For Becca the words “I remember when” often come with a powerful memory. Her track “First Time” isn’t about the first time we might think, but about coming out to her father. “I remember the first time my dad didn’t hug me back,” she sings. Words that punch you right in the gut. In our conversation, she also remembers the pivotal moment when a queer friend called her a dyke—a word she was called hatefully when she was young: “you dyke, you little fag.” “Reclaiming those words as my own identity has been important. That’s why when I wrote The Greatest Part, I wanted to do it joyfully but talk about hard things. I was tired of hearing sadness. Because we always have these stories that are so sad. And that’s real. I have a hard story. But I wanted to join this joyous sound with that hard message. And I’m allowed to have that.”

In the video for The Greatest Part’s leading single “Hunter” we see Becca twirling a disco ball in her $1 pink power suit. Here’s the confident and strong Becca, wildly strumming air guitar, not giving a fuck as she re-lives the true story of a harasser who sent her hate mail singing, “Letters in the mailbox / Say I’m gonna hunt you down.” She fires back, in blazing red, “Well you’re never gonna track me down / No you’re never gonna find me out.” 

 

In reds and pinks she “pushes herself into color,” ending the war between her masculine and feminine sides which appear in her previous music through a “black and white binary aesthetic.” She no longer self-others, pitting one part of herself against the other. Never one to adhere to a fixed box, she challenges the things that become too affixed to identity—like clothing, pronouns, her body. “My desire is to just be Becca. I’m figuring out that person.” She points to the choice of posing topless in the single art for “First Time.” She surprised herself, never thinking she would pose like that, viscerally confronting her feelings on what it means to inhabit a body with breasts, a question that dwells deeply. With a tinge of self-doubt, a close friend assured her, “This is the queer imagery we need from you!” 

She has created a world that finds and attracts beautiful friends and queer folx that see, share, and validate these vulnerabilities—like questioning your body, defeating binary, receiving hate.

In allowing her music to depart from the Nashville Americana scene, she abandons spaces that don’t align, instead building her own. “I’ve always wanted my community to surround me. Supporting other womxn in music is a priority.” This isn’t easily found in Nashville despite the romanticized idea that Music City is for soul-searching troubadours meant to “find themselves.” But Nashville is hegemonic, exclusive, and suffocating. Becca’s Nashville home has offered respite for herself and her community. She remembers, pre-pandemic, when 30 of her womxn-identifying friends and favorite musicians gathered there to play music and be together. “I was reminded, we can do this. We can connect even in a deeper way than we have in previous years.” This home, which we see in her self-shot iPhone video for “Tear us Apart” will continue to be a haven. 

 

She mentions how the same thing is happening with the rap community in Nashville, pointing to her friend Chico Rashad who “turns the country trope on its head with a country outfit, grills, and dreads.” She adds, “he takes up space in a town that has not given people like him the space and don’t care. I’m over it.”

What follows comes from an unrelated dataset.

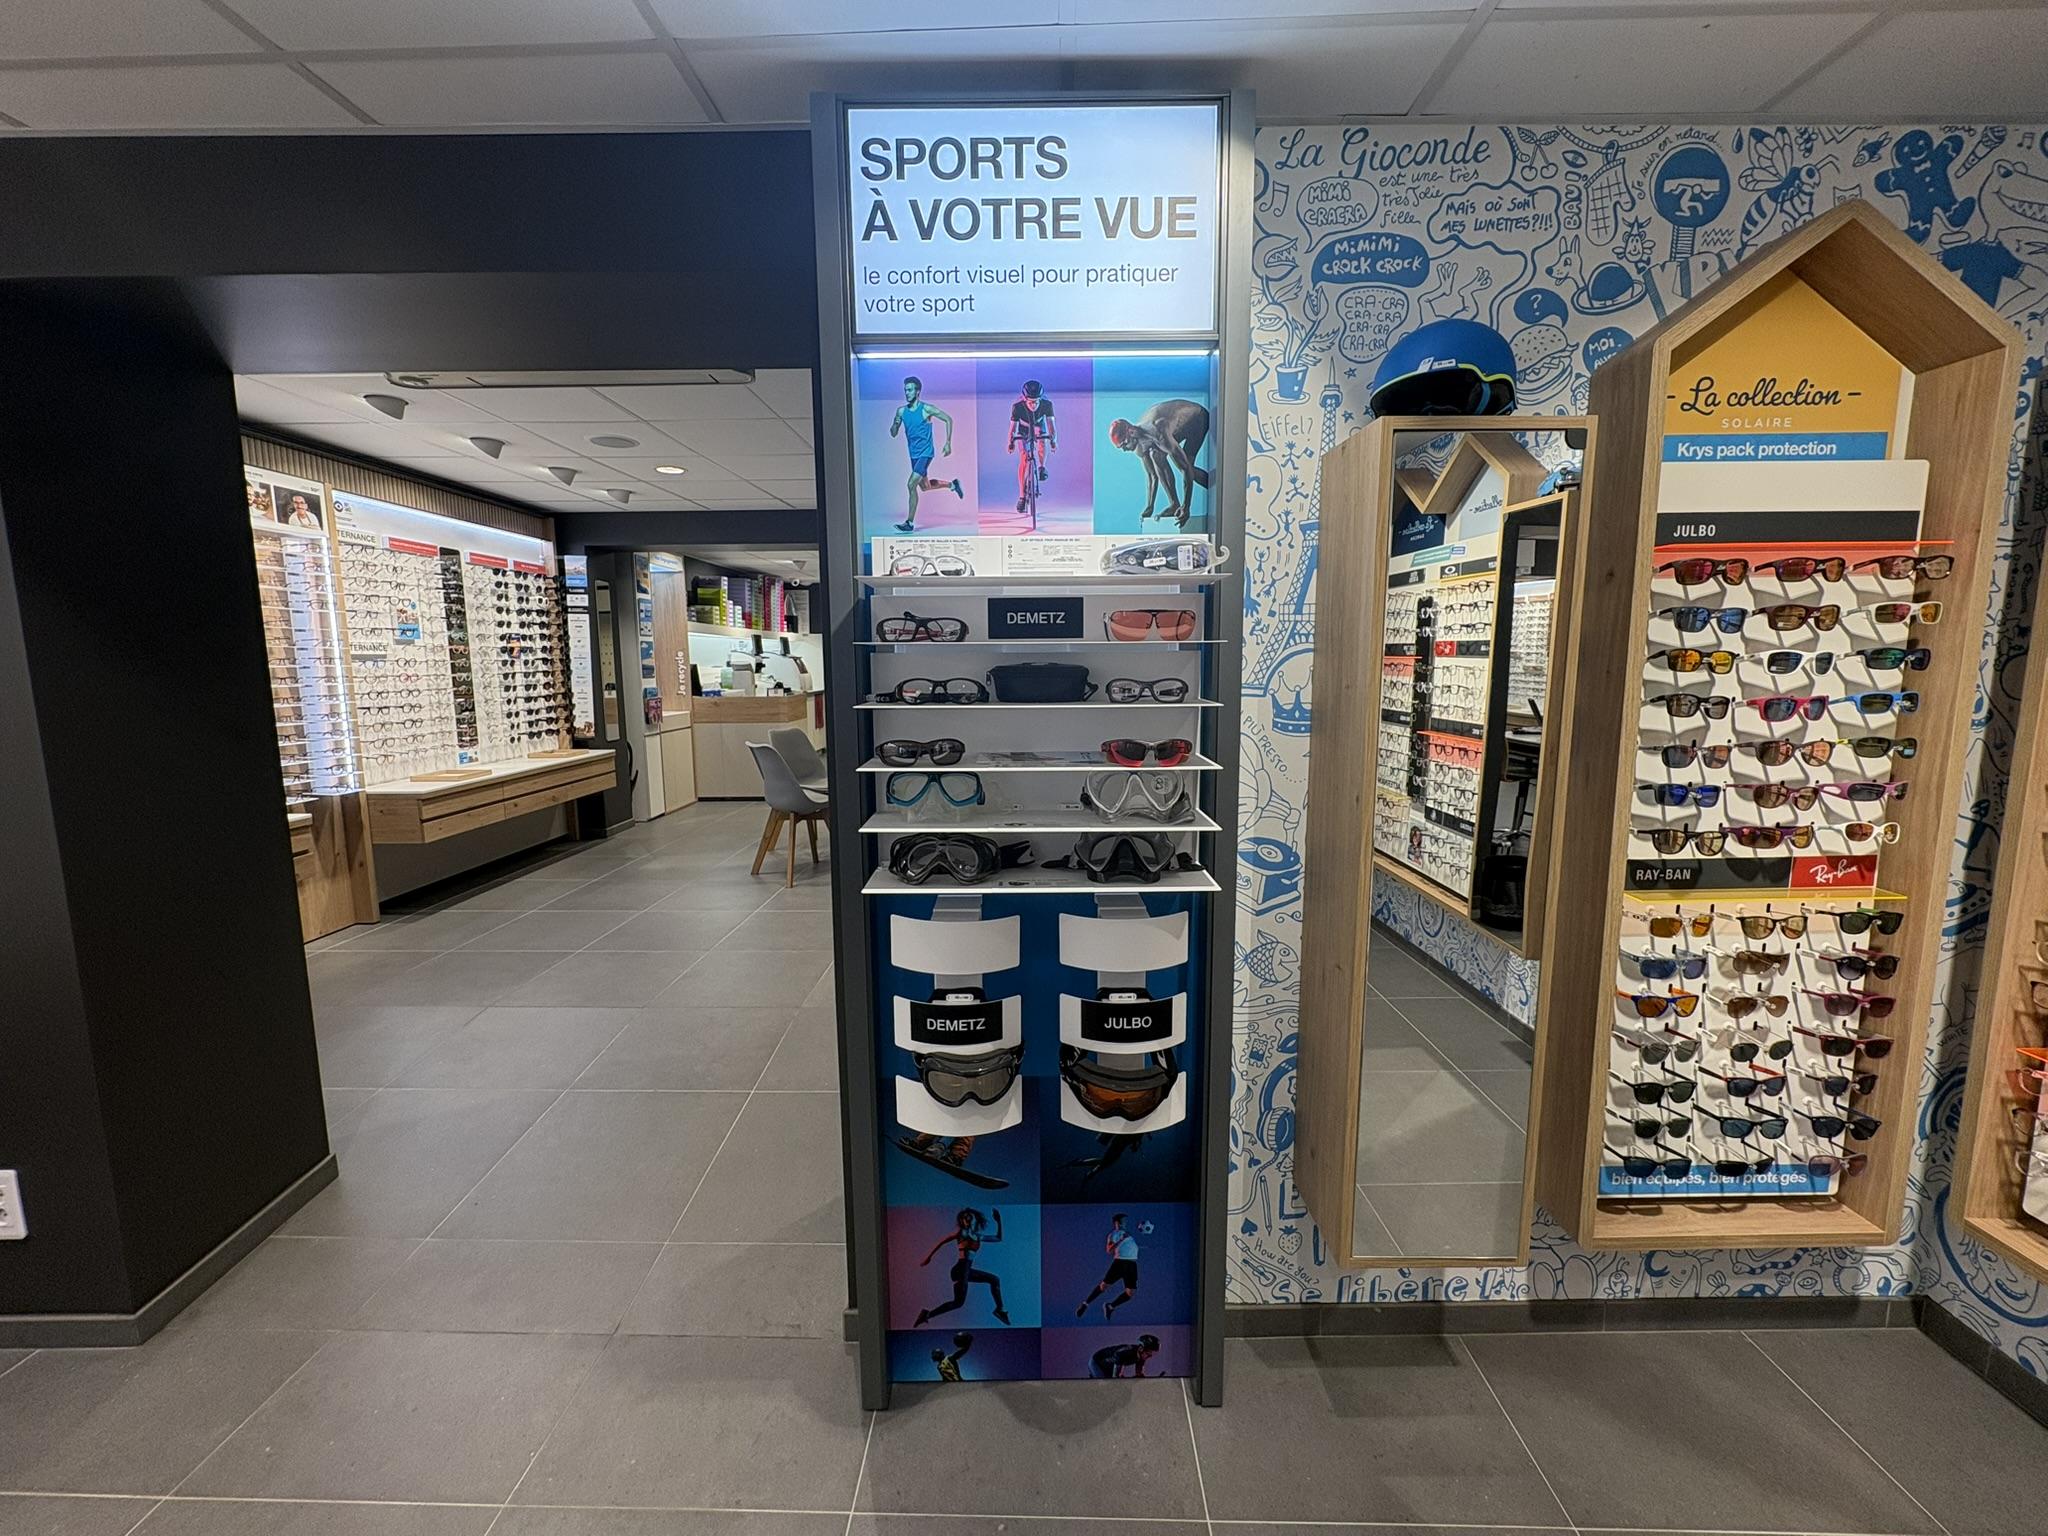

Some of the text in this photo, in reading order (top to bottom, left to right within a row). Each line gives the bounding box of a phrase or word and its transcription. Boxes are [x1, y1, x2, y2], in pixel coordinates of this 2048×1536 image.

And it’s this “over it” attitude that has fueled her fire, fueled the words against those who hatefully called her “dyke,” against harassing hate mail, against those who don’t get it. “I don’t write hateful music,” she clarifies. “I make music that’s personal and my own story. I hope it connects to others but it does come from me first and is for me first. With new choices I made like using color, I realize I had been afraid. That was the beginning of me starting to be vulnerable. I have been quieting myself and I don’t want to do that anymore.”